In this latest Eat Well Connect Voices Q&A, Ashley Carter, RD, LDN and Jasmine Westbrooks, MS, RD, LDN, CDCES of EatWell Exchange Inc. share their perspectives on how they incorporate impact into their daily work at EatWell Exchange, their inspiration for launching a nonprofit organization and their advice to fellow health professionals looking to expand their impact in their respective roles.

And this December Ashley and Jasmine will join us for the second installment of EWC’s Fireside Chat series, so keep an eye on your inbox for the interview’s release next month. If you’re not yet a member, join our global health professional network!


The November Eat Well Connect newsletter centers around the theme of Impact. What does impact mean to you personally as dietitians and how is this theme incorporated into your work at EatWell Exchange?

Impact means making a difference in or having a strong effect on. Because food is essential to live, what we say about food matters, whether it’s the amount, the type, or how it is prepared. Our behaviors around food and opinion about food are influential to anyone we reach and teach. Making an impact requires trust so impact and EatWell Exchange go hand in hand. People never forget how you make them feel. Our goal is to reach those communities who need the most help, that are the most vulnerable and underserved without judgment, shame, or acting as if you are the “savior” of their lives. Our impact not only changes communities but changes us to be better community leaders in the process.

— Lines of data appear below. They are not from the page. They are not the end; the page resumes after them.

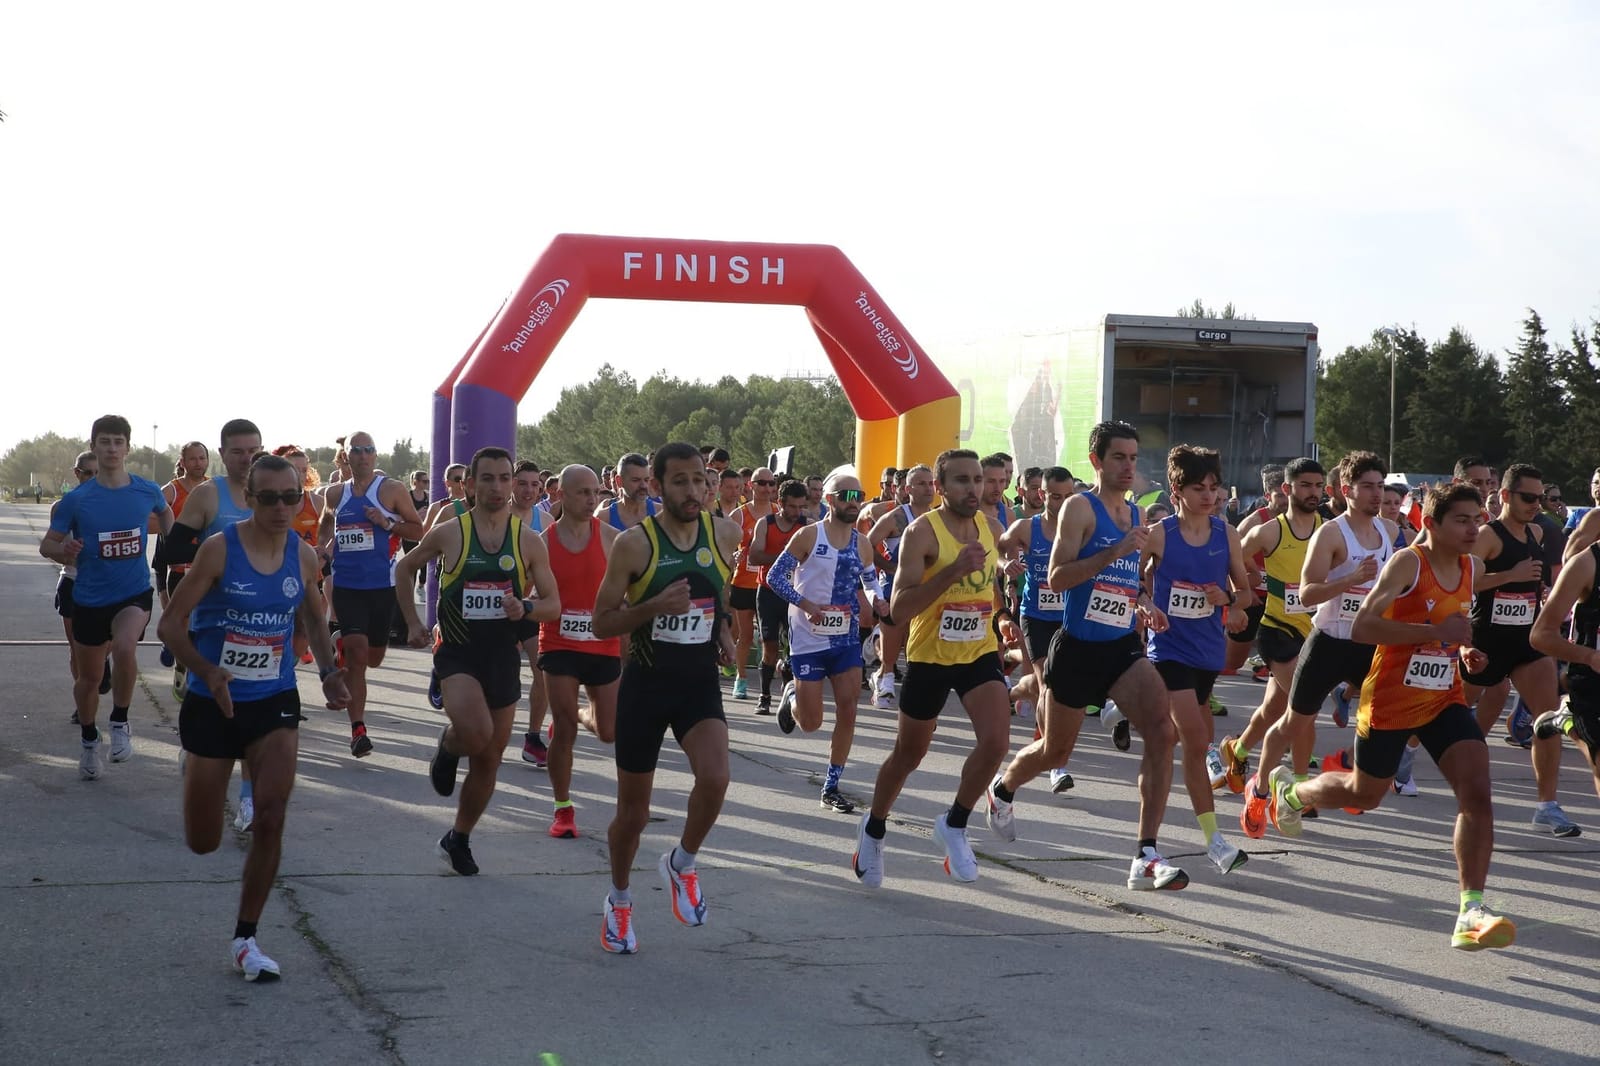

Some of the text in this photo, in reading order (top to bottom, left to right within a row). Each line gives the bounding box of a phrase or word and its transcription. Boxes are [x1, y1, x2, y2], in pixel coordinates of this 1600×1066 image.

[624, 252, 784, 285] FINISH
[538, 306, 555, 326] MALTA
[855, 297, 901, 350] Athletics
[510, 300, 549, 352] Athletics
[1199, 330, 1227, 340] Cargo
[876, 332, 895, 354] MALTA
[339, 533, 364, 544] 3196
[103, 540, 140, 558] 8155
[465, 595, 502, 609] 3018
[1091, 596, 1127, 616] 3226
[1171, 594, 1205, 609] 3173
[1495, 603, 1527, 616] 3020
[656, 615, 701, 631] 3017
[943, 616, 979, 631] 3028
[223, 649, 270, 669] 3222
[1410, 661, 1449, 679] 3007
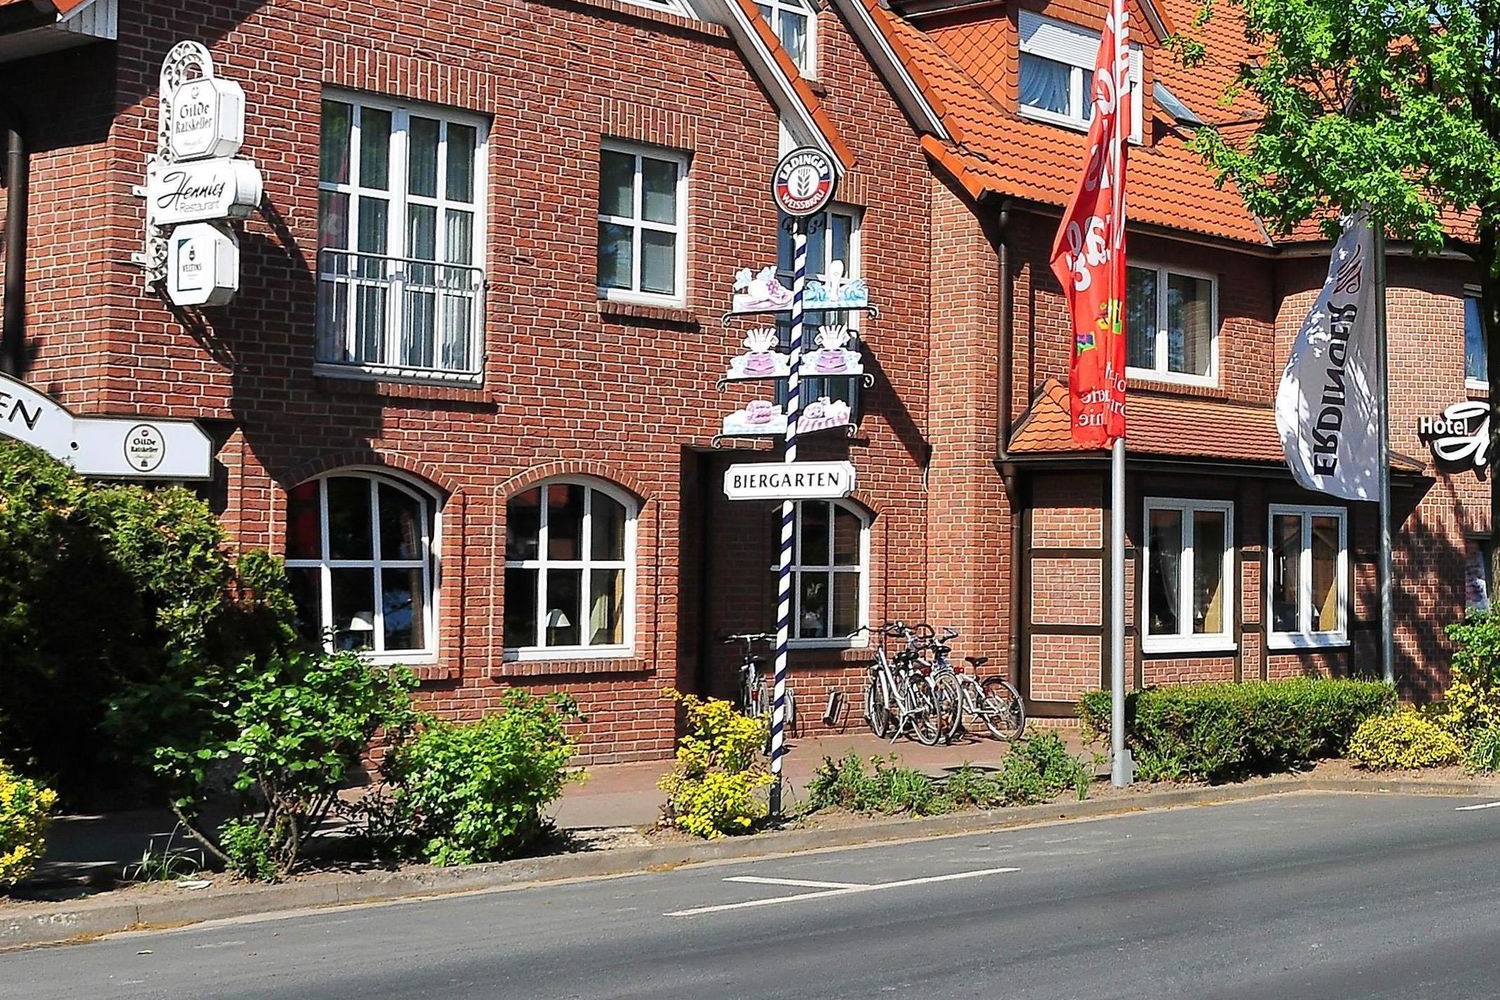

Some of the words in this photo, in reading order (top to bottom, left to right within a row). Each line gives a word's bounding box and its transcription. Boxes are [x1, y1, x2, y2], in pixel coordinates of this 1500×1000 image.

[780, 154, 828, 181] ERDINGER
[157, 171, 226, 211] Hennies
[1420, 416, 1468, 436] Hotel
[733, 472, 840, 489] BIERGARTEN
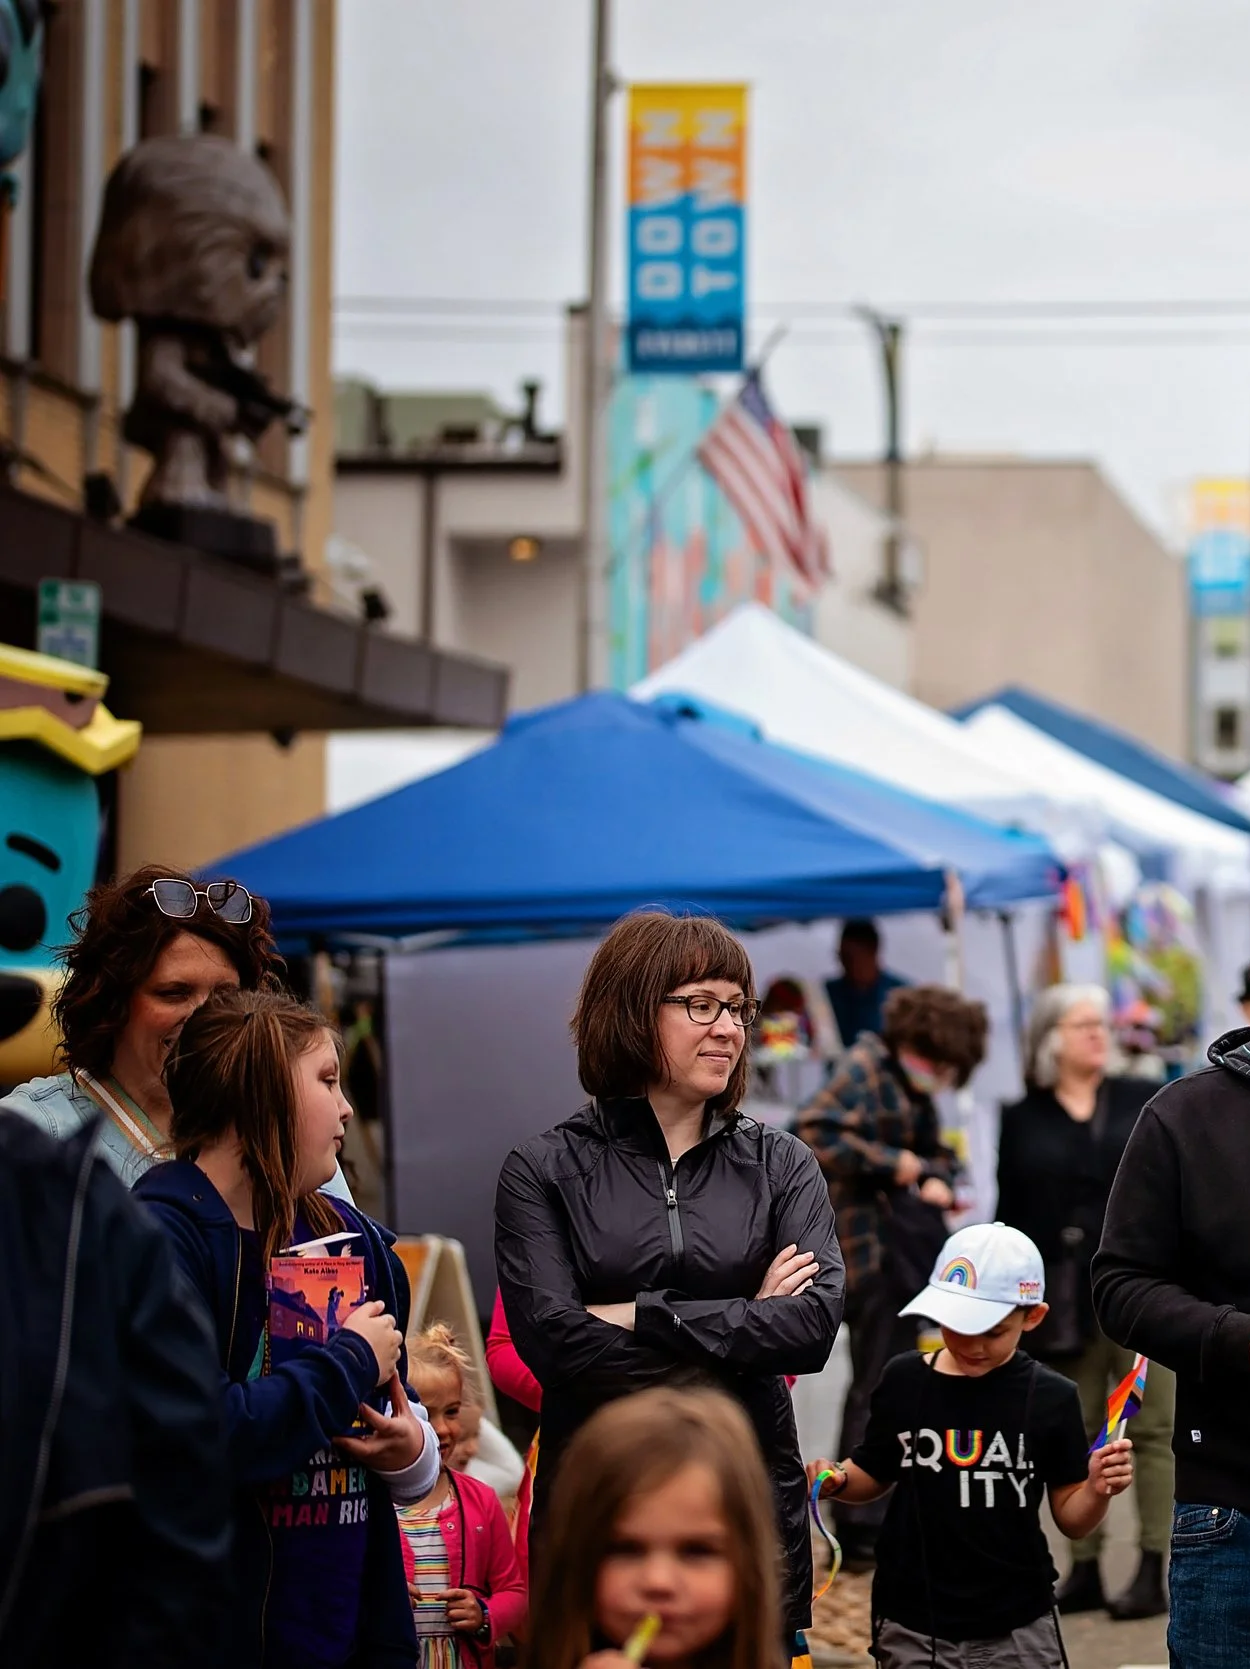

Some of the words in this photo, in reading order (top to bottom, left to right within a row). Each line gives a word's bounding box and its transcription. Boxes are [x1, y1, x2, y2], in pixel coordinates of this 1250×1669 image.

[635, 108, 684, 301] DOWN
[690, 108, 738, 299] TOWN
[897, 1428, 1035, 1473] EQUAL
[959, 1470, 1035, 1508] ITY
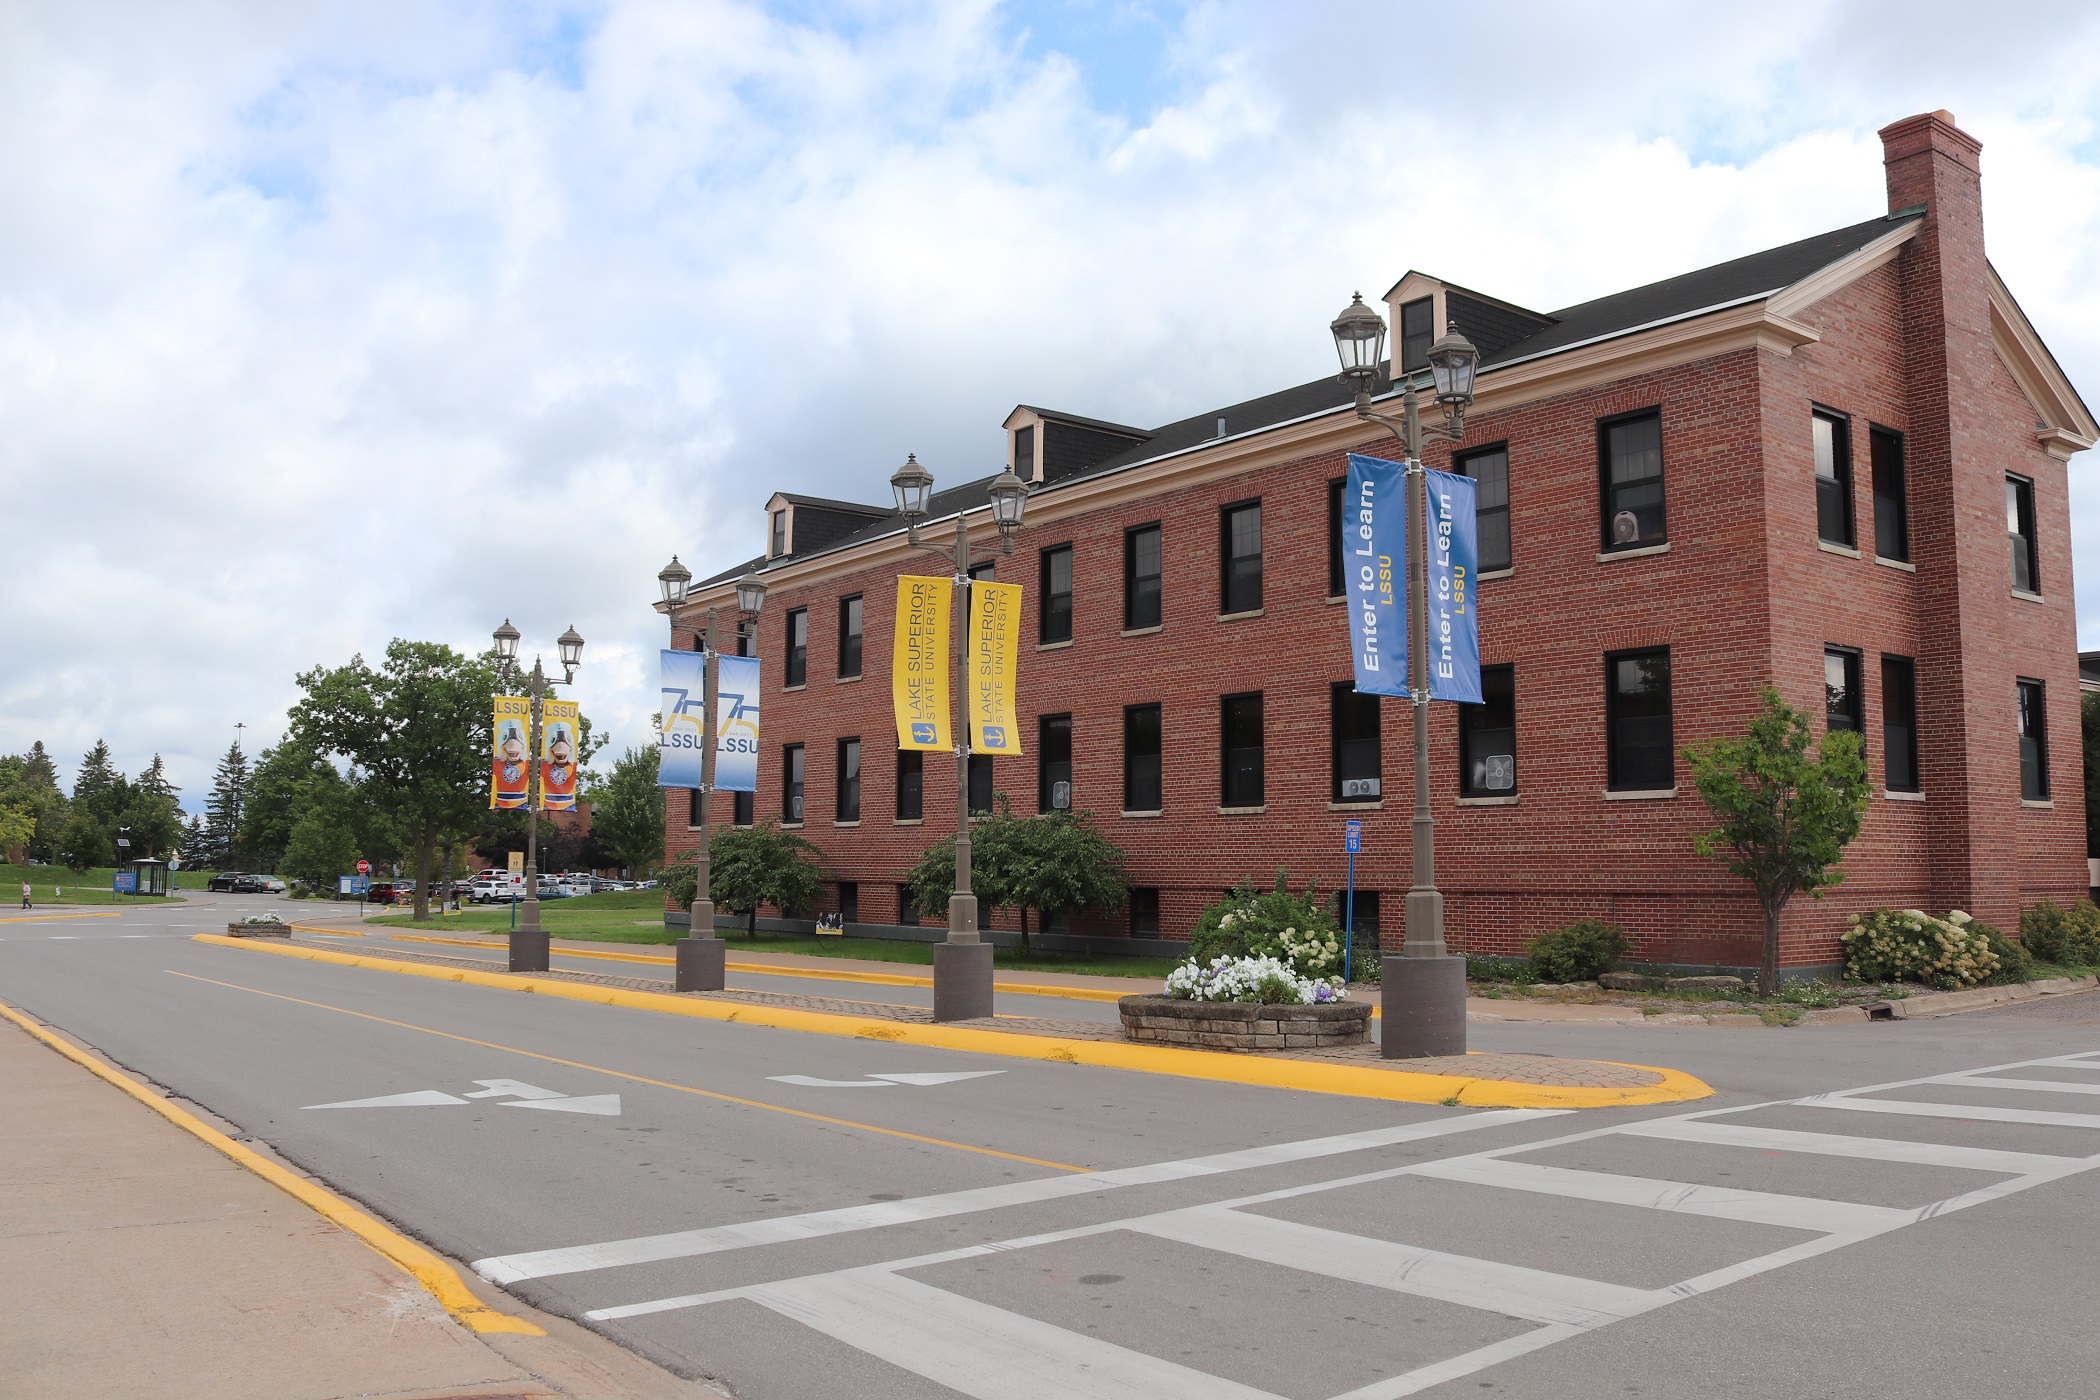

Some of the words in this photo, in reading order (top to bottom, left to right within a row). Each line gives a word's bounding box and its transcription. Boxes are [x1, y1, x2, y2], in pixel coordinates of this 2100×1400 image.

[1355, 480, 1375, 557] Learn
[1437, 493, 1452, 567] Learn
[1358, 565, 1374, 591] to
[1378, 555, 1393, 605] LSSU
[1437, 575, 1450, 601] to
[1453, 566, 1466, 615] LSSU
[908, 583, 925, 672] SUPERIOR
[925, 583, 938, 670] UNIVERSITY
[981, 589, 996, 675] SUPERIOR
[995, 590, 1008, 675] UNIVERSITY
[1362, 599, 1380, 672] Enter
[1438, 608, 1454, 679] Enter
[496, 702, 528, 714] LSSU
[545, 705, 577, 718] LSSU
[661, 687, 704, 735] 75
[718, 692, 760, 739] 75
[908, 678, 922, 719] LAKE
[925, 677, 936, 720] STATE
[981, 681, 993, 723] LAKE
[995, 681, 1004, 723] STATE
[661, 733, 704, 749] LSSU
[716, 737, 759, 754] LSSU
[1349, 839, 1357, 849] 15

What was your inspiration for launching EatWell Exchange, and in what ways do you all seek to have an impact on global communities through this organization?

Inspiration came from experiencing a lack of nutrition education and accessibility in our own upbringing and continuously seeing the health problems in people of color. Working for a healthcare organization, we saw the frustration of clients and unrealistic expectations of patients placed on them from healthcare professionals that are supposed to help. We saw that healthcare professionals were not respectful of cultures and not willing to understand factors that affect their ability to eat healthily.  On a global level, we are impacting communities by learning and highlighting cultures from around the world, bringing light to traditional foods and their nutritional values. In Haiti, we have actually started a sustainable garden to help families feed themselves throughout the pandemic. This is a program we can continue in other countries and increase access to healthy food worldwide.


For health professionals looking to expand their impact, whether through their everyday professional roles or through the development of a nonprofit initiative, where do you suggest they start?

Start with an idea, develop it, and get started. After you take the first step you begin to discover what you need to do or what you did not do so well. If you are waiting for the perfect time, it may not come – begin today. Opportunities will start to open up after you do instead of just thinking about it. Initially, we started based on an idea of a nonprofit organization that would teach communities about their cultural foods, and this is an important cause, but we are making a greater impact by helping increase access and affordability of their foods as well. So, when the opportunity presented itself to expand from just teaching about foods, to getting our hands dirty in the garden, or cooking on stage with culinary professionals, we shifted, adjusted, and learned. Go after the opportunity and you grow from the journey.



Ashley Carter is a Registered Dietitian Nutritionist and believes the way we eat is highly influenced by our families, culture, access to foods and our beliefs or religion. Ashley’s passion for wellness began at a young age having both parents with type 2 diabetes and watching them try to manage their disease by making lifestyle changes. Originally from Miami, she noticed how her environment impacted her ability to achieve optimal wellness. For the past 9 years, she has been a Nutrition Educator, originally advising her peers in college as a certified peer health educator, and now for families in lower-income populations. Ashley earned her Bachelors of Science degree from Florida State University in Dietetics with a minor in religion and is currently pursuing her Masters in Dietetics with a concentration in Health Informatics. Ashley likes to practice holistic health and tries to incorporate mental, physical, and nutrition into her interventions. 


Jasmine Westbrooks works as a Registered Dietitian and Certified Diabetes Educator at a Diabetes Outpatient Facility and believes in a realistic approach to improving nutritional habits for a better quality of life. Her interest in nutrition blossomed from health problems dominating her family’s life but could have been corrected through preventive diet measures. She earned her Bachelors of Science degree in Nutrition Dietetics from the University of Tennessee at Chattanooga and earned her Master’s Degree in Clinical Nutrition from Rosalind Franklin University. She has worked as a Nutrition Educator in the Florida Department of Health for 3 years while counseling patients concerning health issues impacting the community. Throughout her experience and service with the community and with the Florida Health Department, she saw there was a huge need for nutrition education in minorities through culture.